Primary granulosa cell tumor of retroperitoneal origin: A rare presentation with emphasis on cytomorphology

The most frequently occurring retroperitoneal tumors are those of the kidneys, adrenal glands, and the pancreas. A primary retroperitoneal tumor composed of granulosa cells and developing far away from the normal location of the ovary is less frequently observed. A 69-year-old female patient presented with abdominal discomfort. Computerized tomography (CT) of the abdomen revealed a solid heterogeneous mass lesion measuring 11.2 cm × 8 cm × 12 cm consistent with retroperitoneal hematoma. Ultrasonography (USG)-guided aspiration smears revealed cytological features suggestive of adult-type granulosa cell tumor (AGCT).
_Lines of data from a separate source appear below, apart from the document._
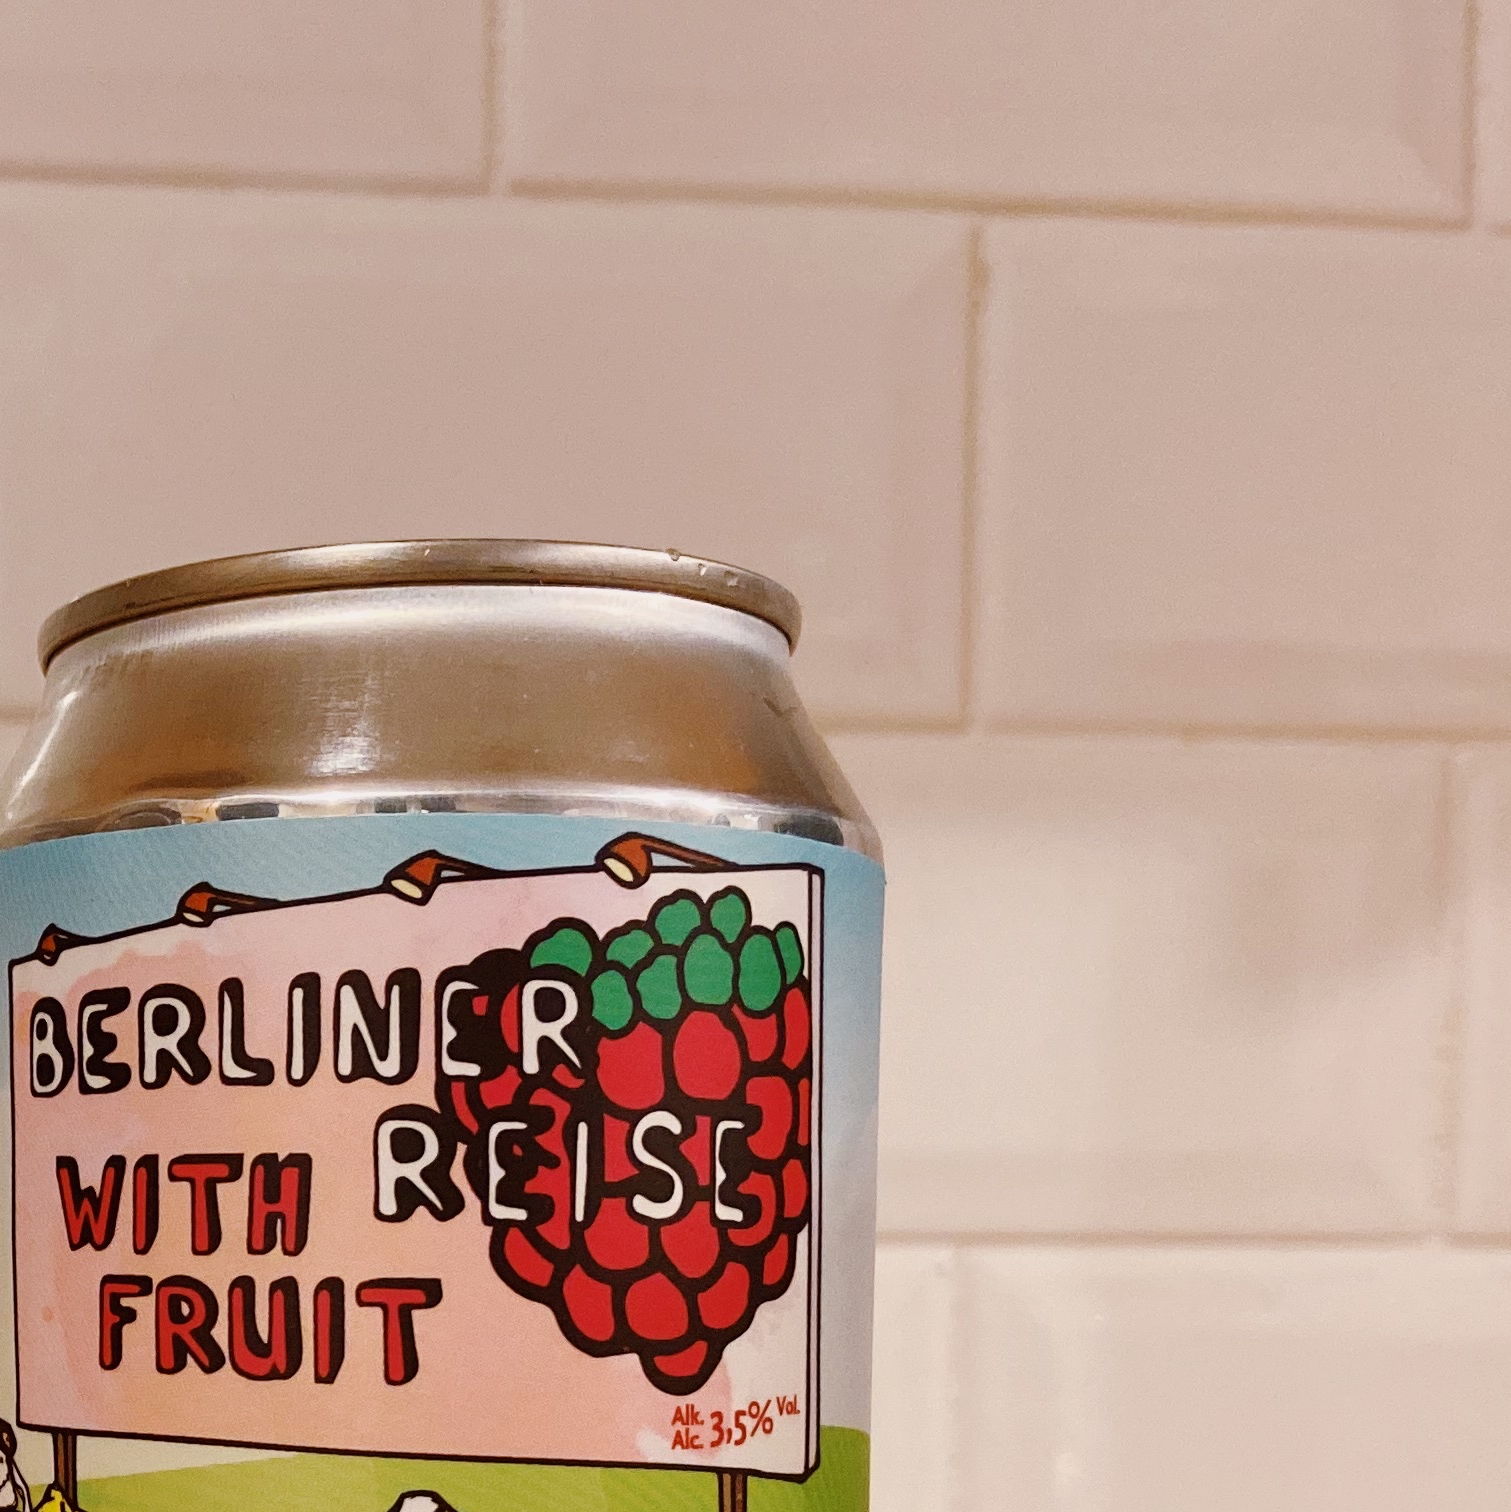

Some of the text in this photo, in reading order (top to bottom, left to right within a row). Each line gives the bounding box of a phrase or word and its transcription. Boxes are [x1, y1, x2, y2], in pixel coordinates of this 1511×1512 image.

[30, 966, 589, 1098] BERLINER
[56, 1152, 313, 1256] WITH
[373, 1106, 755, 1224] REISE
[98, 1275, 443, 1385] FRUIT
[671, 1394, 801, 1448] Alk. 3,5% Vol.
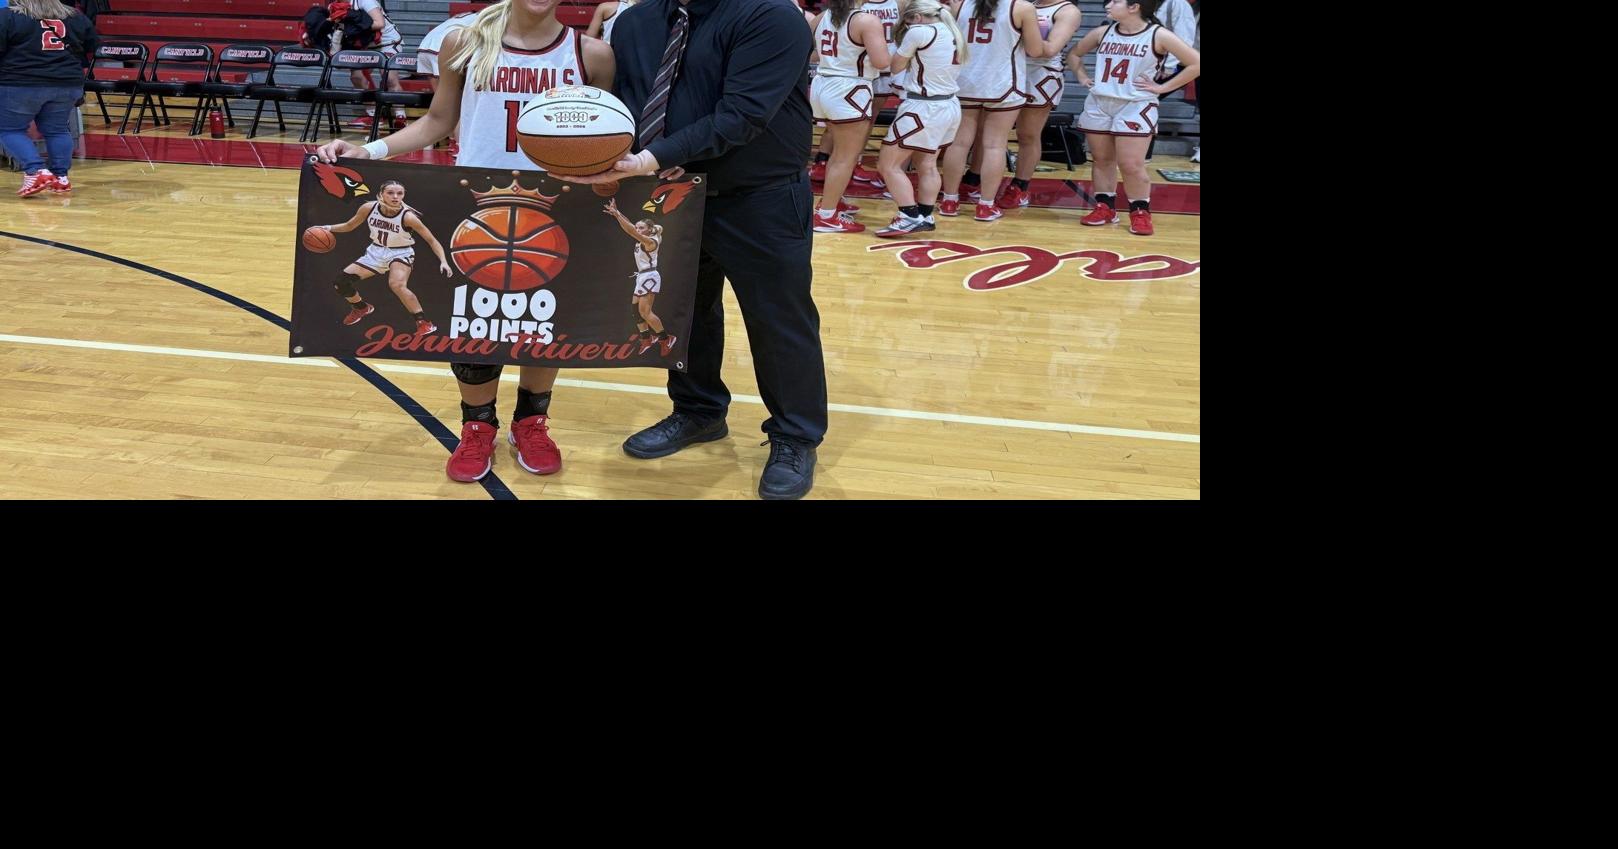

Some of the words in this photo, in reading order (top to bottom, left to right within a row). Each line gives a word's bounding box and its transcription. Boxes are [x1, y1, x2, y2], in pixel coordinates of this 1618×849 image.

[40, 18, 66, 51] 2
[967, 18, 996, 44] 15
[101, 46, 140, 55] CANFIELD
[821, 29, 838, 57] 21
[1098, 41, 1148, 57] CARDINALS
[164, 47, 204, 57] CANFIELD
[227, 49, 267, 58] CANFIELD
[281, 53, 320, 61] CANFIELD
[338, 55, 379, 64] CANFIELD
[1101, 58, 1130, 84] 14
[554, 111, 589, 123] 1000
[504, 100, 529, 152] 1
[369, 217, 400, 234] CARDINALS
[377, 230, 389, 246] 11
[452, 284, 557, 322] 1000
[449, 316, 555, 346] POINTS
[355, 323, 500, 357] Jenna
[505, 332, 639, 360] Triveri
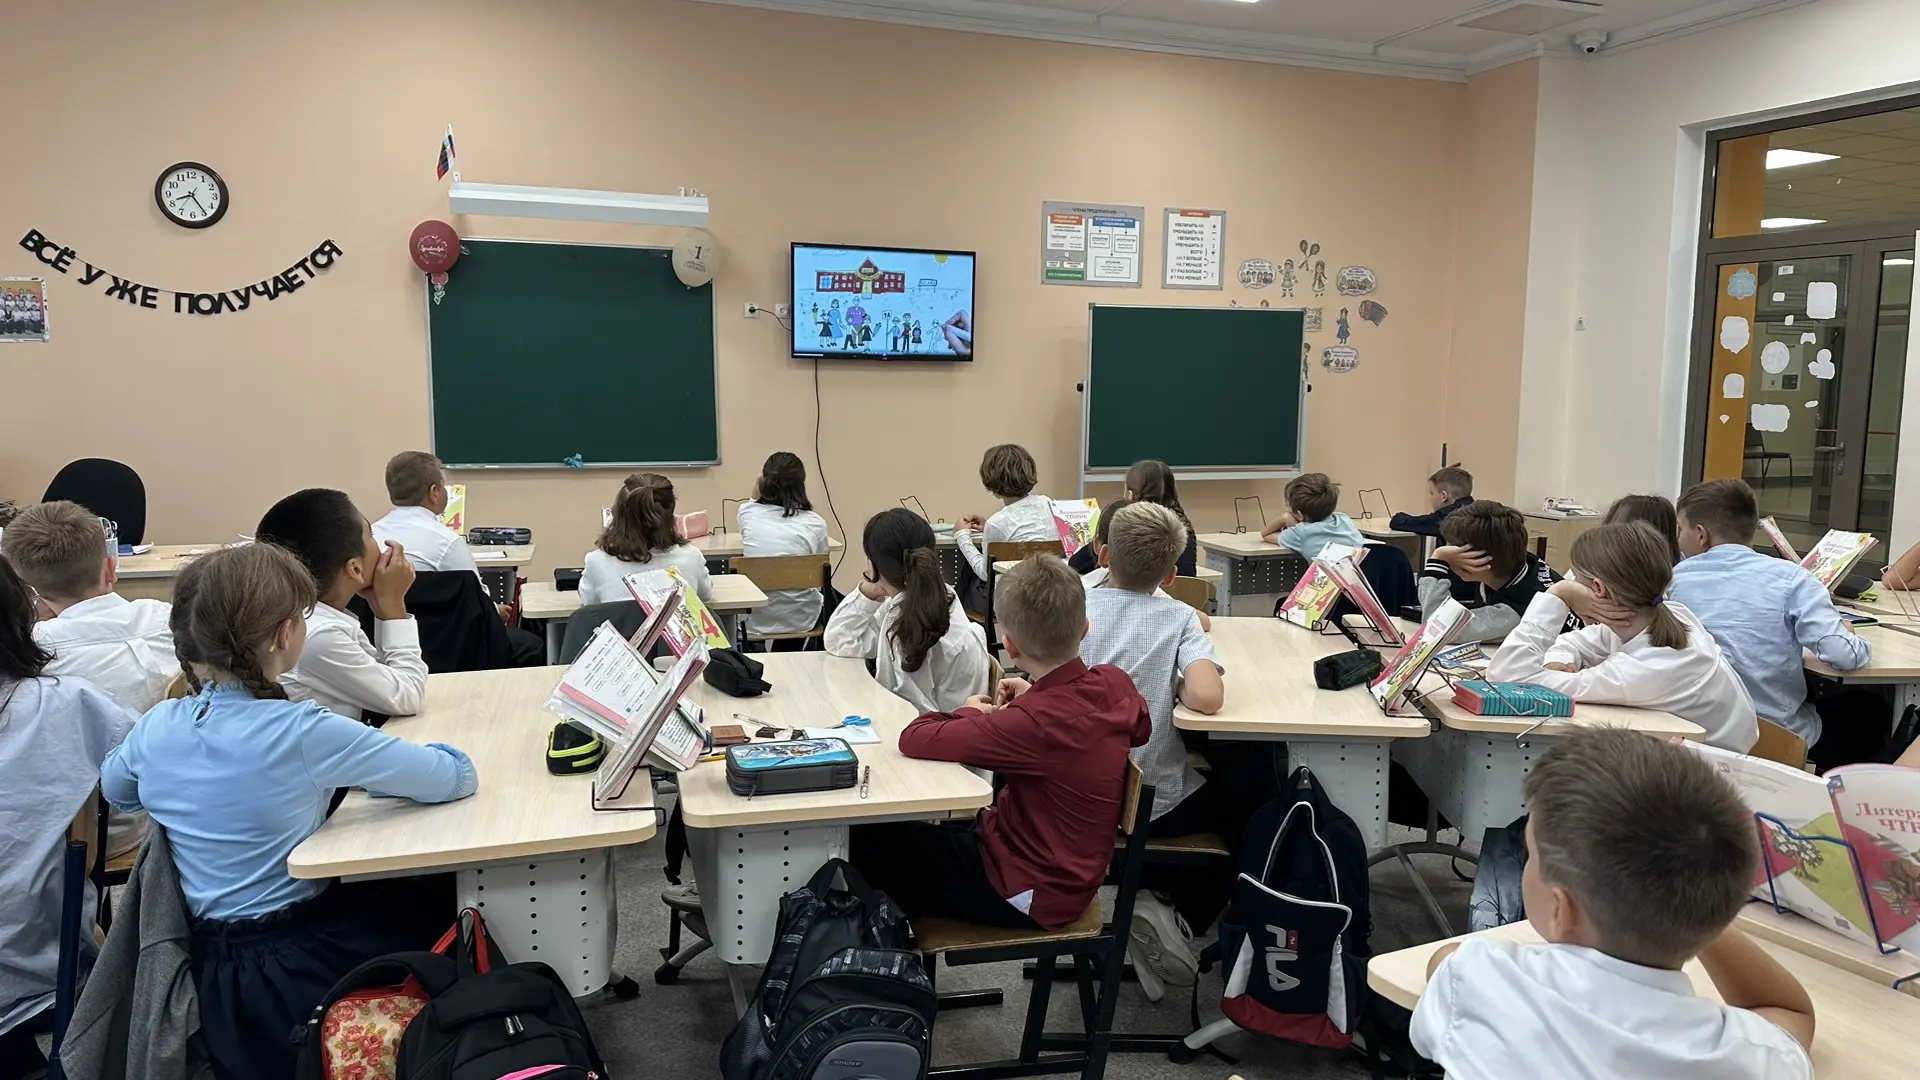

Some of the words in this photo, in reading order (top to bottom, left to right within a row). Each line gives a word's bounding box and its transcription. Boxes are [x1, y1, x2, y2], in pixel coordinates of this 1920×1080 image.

[186, 171, 197, 179] 12
[201, 175, 205, 183] 1
[169, 181, 179, 189] 10
[208, 183, 215, 191] 2
[165, 190, 172, 198] 9
[695, 245, 702, 260] 1
[19, 228, 76, 274] ВСЁ
[174, 238, 343, 315] ПОЛУЧАЕТСЯ
[446, 512, 461, 530] 4
[1315, 586, 1337, 612] 4
[700, 608, 720, 638] 4
[1265, 924, 1300, 992] FILA
As the patient had a history of hysterectomy with bilateral salpingo-oophorectomy 22 years ago for leiomyoma, a diagnosis of extraovarian AGCT was made. Intraoperatively, the tumor was removed in piecemeal that showed yellowish areas with extensive necrosis and hemorrhage. Histopathological examination of the excised mass and inhibin positivity confirmed the diagnosis. Primary retroperitoneal extraovarian GCT is a rare tumor with only 12 cases reported in medical literature in English.